::: Records for this exercise

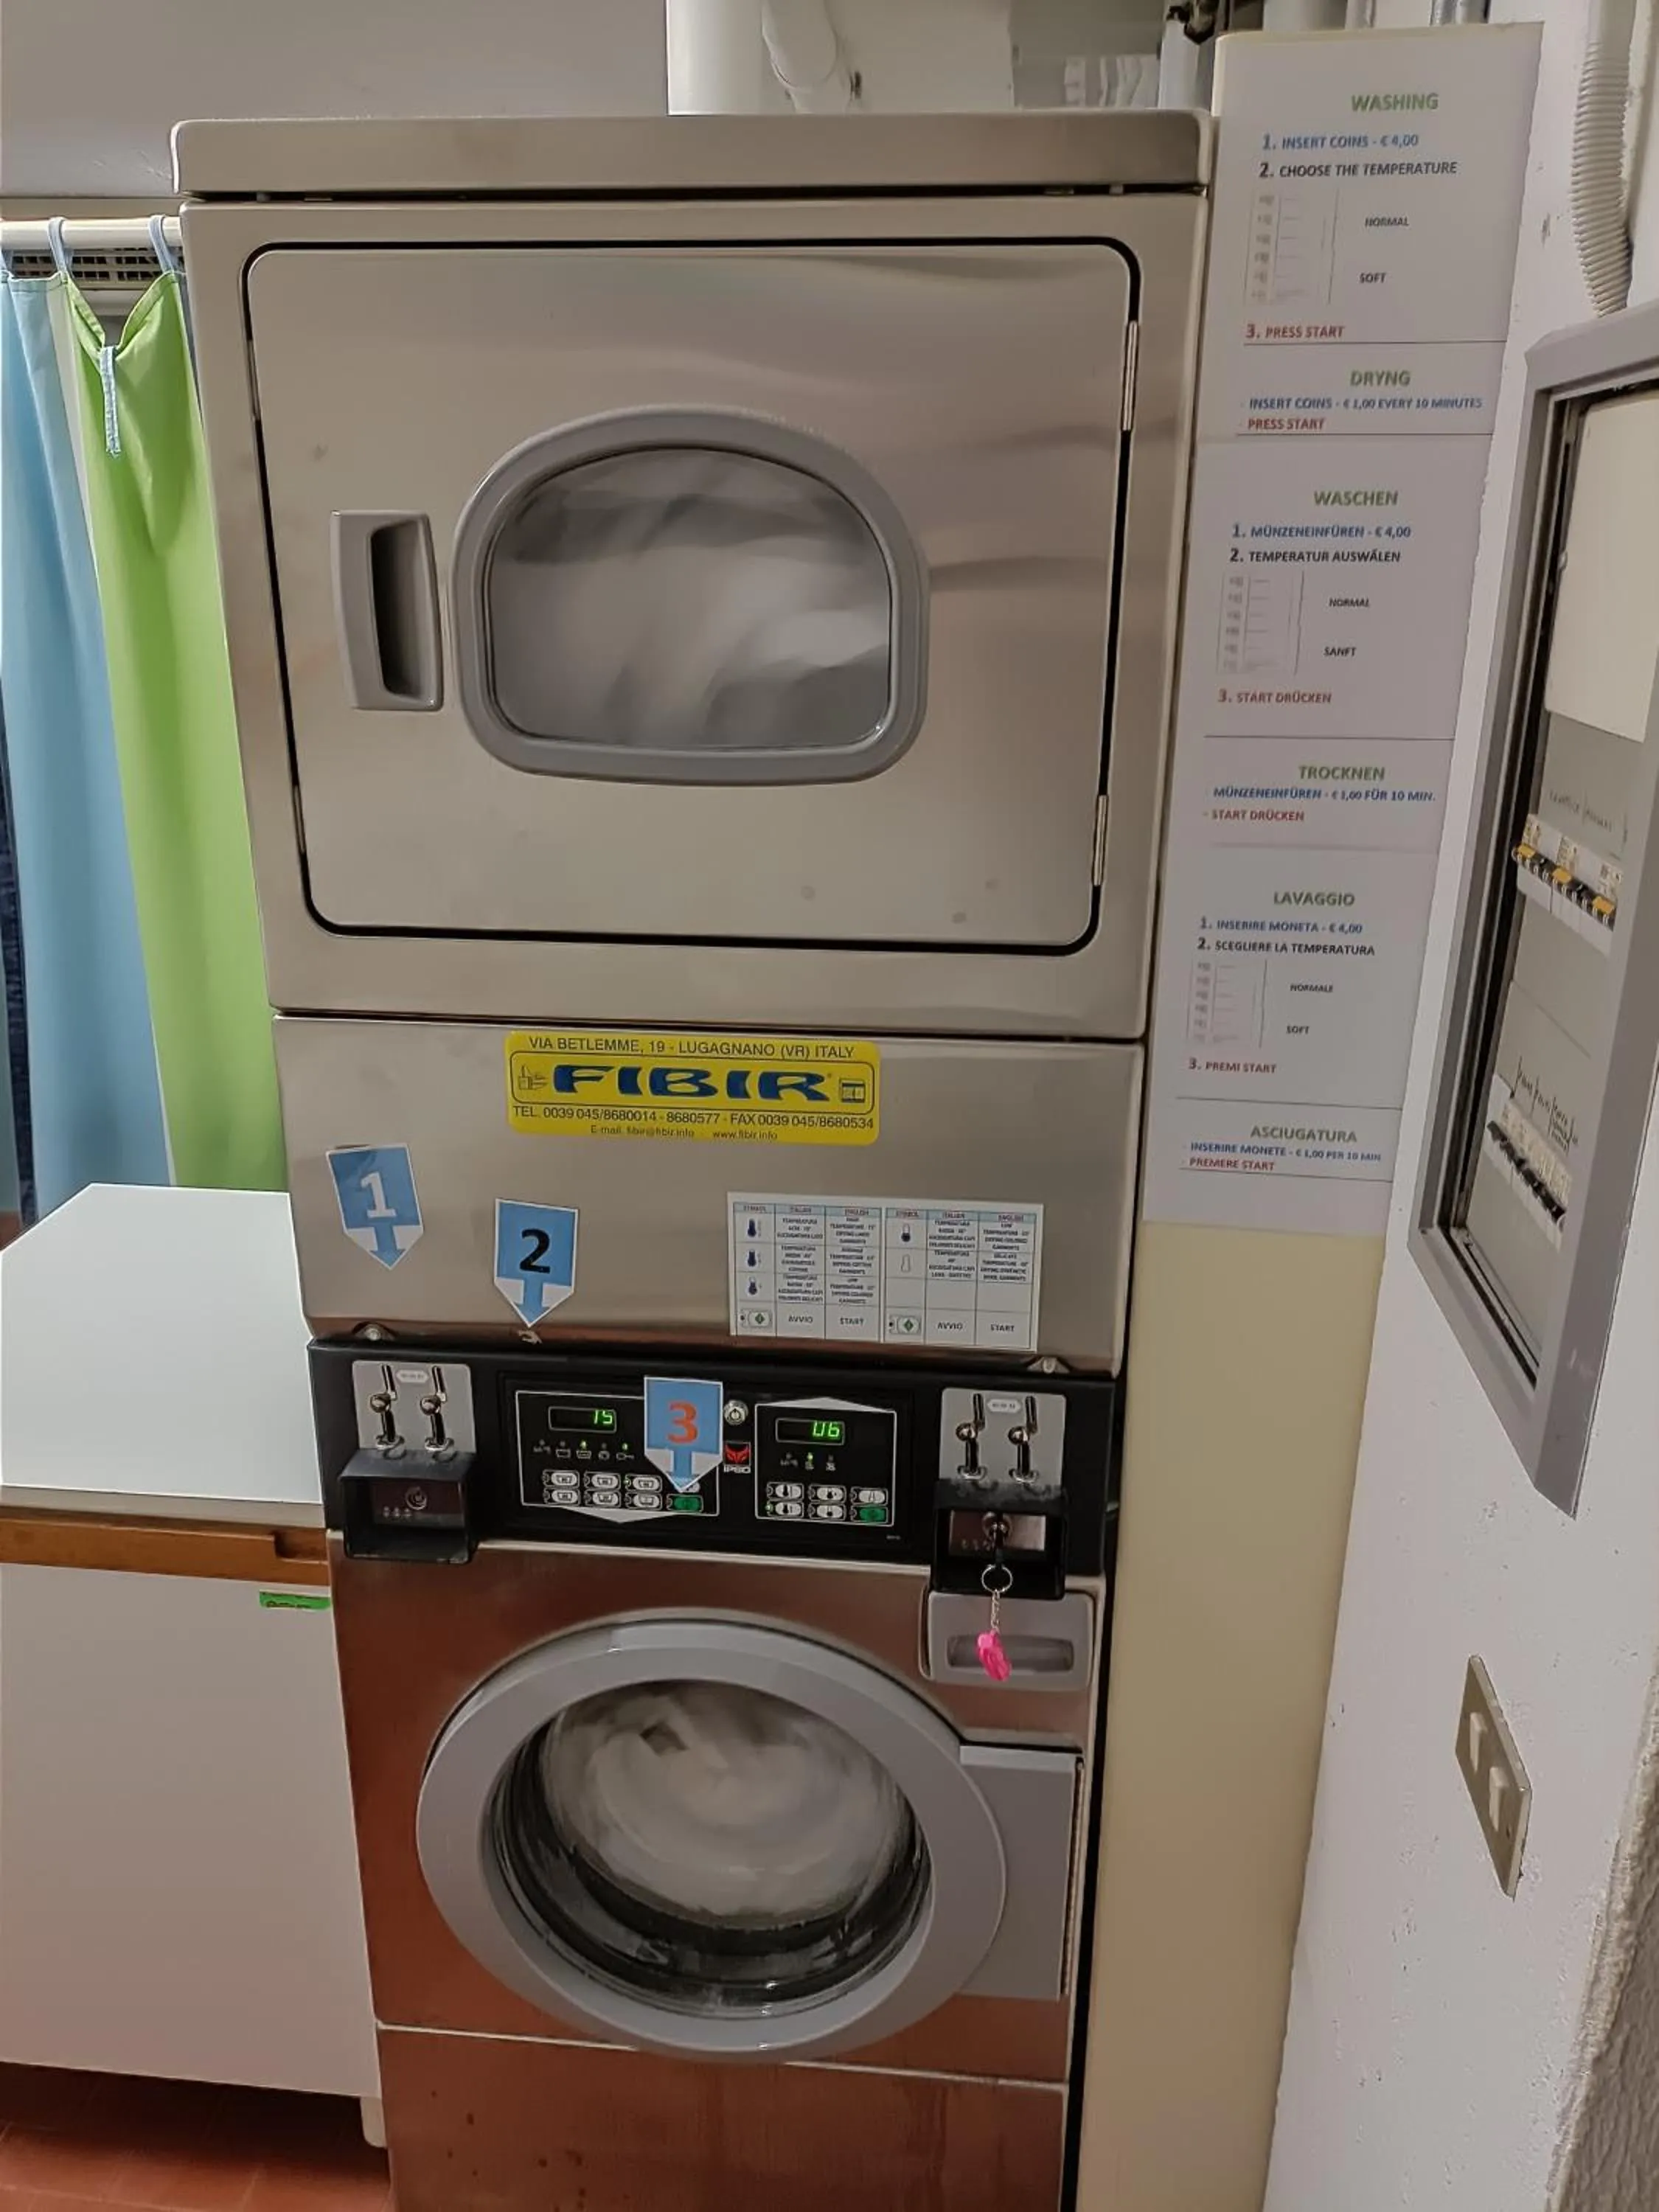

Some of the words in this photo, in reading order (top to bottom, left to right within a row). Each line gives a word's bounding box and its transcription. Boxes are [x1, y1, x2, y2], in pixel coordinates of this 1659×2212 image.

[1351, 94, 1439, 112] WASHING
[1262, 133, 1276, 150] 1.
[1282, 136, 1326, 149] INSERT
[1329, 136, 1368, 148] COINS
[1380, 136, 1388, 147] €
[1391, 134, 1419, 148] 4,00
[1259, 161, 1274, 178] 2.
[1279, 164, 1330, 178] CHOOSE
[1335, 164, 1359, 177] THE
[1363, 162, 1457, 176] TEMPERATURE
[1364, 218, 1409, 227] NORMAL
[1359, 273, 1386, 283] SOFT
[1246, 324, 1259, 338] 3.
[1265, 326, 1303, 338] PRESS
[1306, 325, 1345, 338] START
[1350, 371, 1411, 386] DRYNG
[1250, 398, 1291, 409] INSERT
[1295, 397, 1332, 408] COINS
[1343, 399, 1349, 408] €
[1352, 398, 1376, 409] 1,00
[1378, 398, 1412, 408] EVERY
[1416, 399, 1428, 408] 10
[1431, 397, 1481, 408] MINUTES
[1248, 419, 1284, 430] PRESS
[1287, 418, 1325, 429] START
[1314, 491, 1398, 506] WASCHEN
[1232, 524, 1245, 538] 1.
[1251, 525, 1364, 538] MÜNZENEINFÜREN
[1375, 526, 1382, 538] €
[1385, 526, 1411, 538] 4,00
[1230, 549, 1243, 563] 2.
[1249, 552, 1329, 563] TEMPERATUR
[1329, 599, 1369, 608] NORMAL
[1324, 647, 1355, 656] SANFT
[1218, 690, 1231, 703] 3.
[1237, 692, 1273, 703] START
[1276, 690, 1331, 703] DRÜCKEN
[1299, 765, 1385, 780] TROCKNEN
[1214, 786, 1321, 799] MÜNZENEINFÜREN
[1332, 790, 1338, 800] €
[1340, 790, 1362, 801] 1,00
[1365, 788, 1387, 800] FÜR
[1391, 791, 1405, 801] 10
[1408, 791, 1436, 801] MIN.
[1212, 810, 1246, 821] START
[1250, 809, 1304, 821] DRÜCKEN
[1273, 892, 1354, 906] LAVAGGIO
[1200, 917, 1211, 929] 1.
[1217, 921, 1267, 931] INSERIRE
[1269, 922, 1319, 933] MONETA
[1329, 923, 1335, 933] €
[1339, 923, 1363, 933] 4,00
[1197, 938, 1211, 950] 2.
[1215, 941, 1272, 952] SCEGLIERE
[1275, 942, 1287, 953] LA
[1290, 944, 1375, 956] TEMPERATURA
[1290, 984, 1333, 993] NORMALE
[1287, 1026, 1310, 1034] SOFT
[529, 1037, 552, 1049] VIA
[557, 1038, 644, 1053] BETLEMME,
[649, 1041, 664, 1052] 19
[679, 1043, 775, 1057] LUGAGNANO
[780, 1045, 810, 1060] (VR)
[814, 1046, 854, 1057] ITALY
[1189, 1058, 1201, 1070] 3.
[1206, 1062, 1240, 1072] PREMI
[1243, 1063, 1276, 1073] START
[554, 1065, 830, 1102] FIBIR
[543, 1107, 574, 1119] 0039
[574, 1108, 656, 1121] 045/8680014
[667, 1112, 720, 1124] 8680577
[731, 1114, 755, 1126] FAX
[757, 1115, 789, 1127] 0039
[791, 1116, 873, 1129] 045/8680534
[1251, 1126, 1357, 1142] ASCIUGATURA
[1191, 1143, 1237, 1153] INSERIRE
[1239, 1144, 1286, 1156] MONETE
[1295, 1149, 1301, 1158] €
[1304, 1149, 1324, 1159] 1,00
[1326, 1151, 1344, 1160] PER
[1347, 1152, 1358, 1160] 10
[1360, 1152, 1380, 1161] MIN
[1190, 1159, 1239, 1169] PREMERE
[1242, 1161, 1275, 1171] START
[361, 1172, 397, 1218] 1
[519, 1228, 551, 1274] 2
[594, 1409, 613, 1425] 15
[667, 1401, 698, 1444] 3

::::::

Copy all lines from the data above that contain the word "MÜNZENEINFÜREN".

[1251, 525, 1364, 538] MÜNZENEINFÜREN
[1214, 786, 1321, 799] MÜNZENEINFÜREN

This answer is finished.